What did you look like at 167? Thats the key IMHO.
I tell people to change the routine because its too late to “jumpstart” strength gains/progression with the same routine, without significantly increasing food intake IF he’s been stagnant AND very soft. Again IMO.
Big, soft and weak AFTER training a while is usually a recipe for recomp IMHO. Their metabolism downshifts at the speed of light when they drop intake AND they usually go from big and soft to small, in-shape (in clothes) and soft (out of clothes).
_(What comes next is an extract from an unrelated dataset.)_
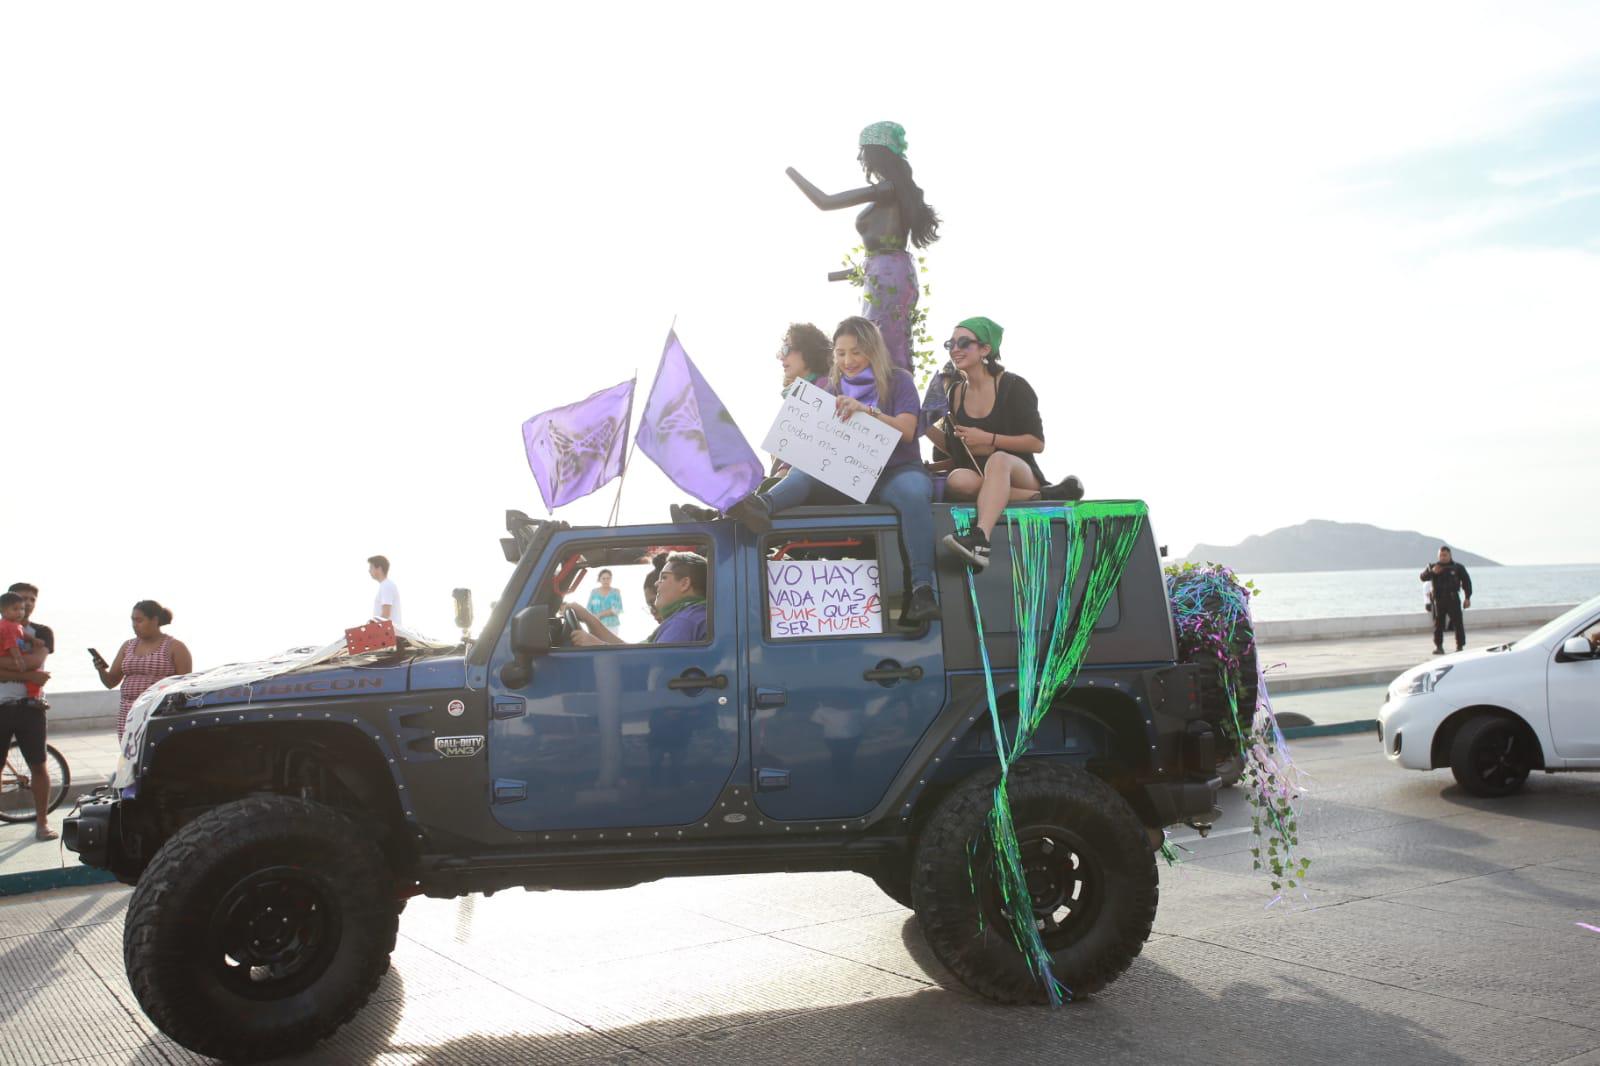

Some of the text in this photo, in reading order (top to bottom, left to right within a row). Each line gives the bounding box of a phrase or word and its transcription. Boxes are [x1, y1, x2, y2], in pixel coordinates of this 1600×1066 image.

if you’re the kind who’s NEVER taken his shirt off despite training a while DESPITE dropping weight and despite looking reasonable in clothes, I’d recommend a dose of thibz.
If you’d like to listen to more insight, I’d prefer you email me, I don’t want to post in this thread anymore. \hijack
So I take it you like Thibs recommendations for recomping as laid out in “Refined Physique Transformation?” Lactate circuits, low carb etc.
I’m a soft 200lbs, up from 170lbs earlier this year. Looking to get rid of some fat now. I don’t eat much… rarely a day when I go over 2500-3000kcal. Still I gain fat easily, probably because I’ve spent many years as 230lb fat ass before crash dieting down to 167 lbs.
Yeah I know, cool story bro.
Anyway I was just wondering because of your “change your routine” comment there. Do you change your training around much for fat loss as opposed to mass gain?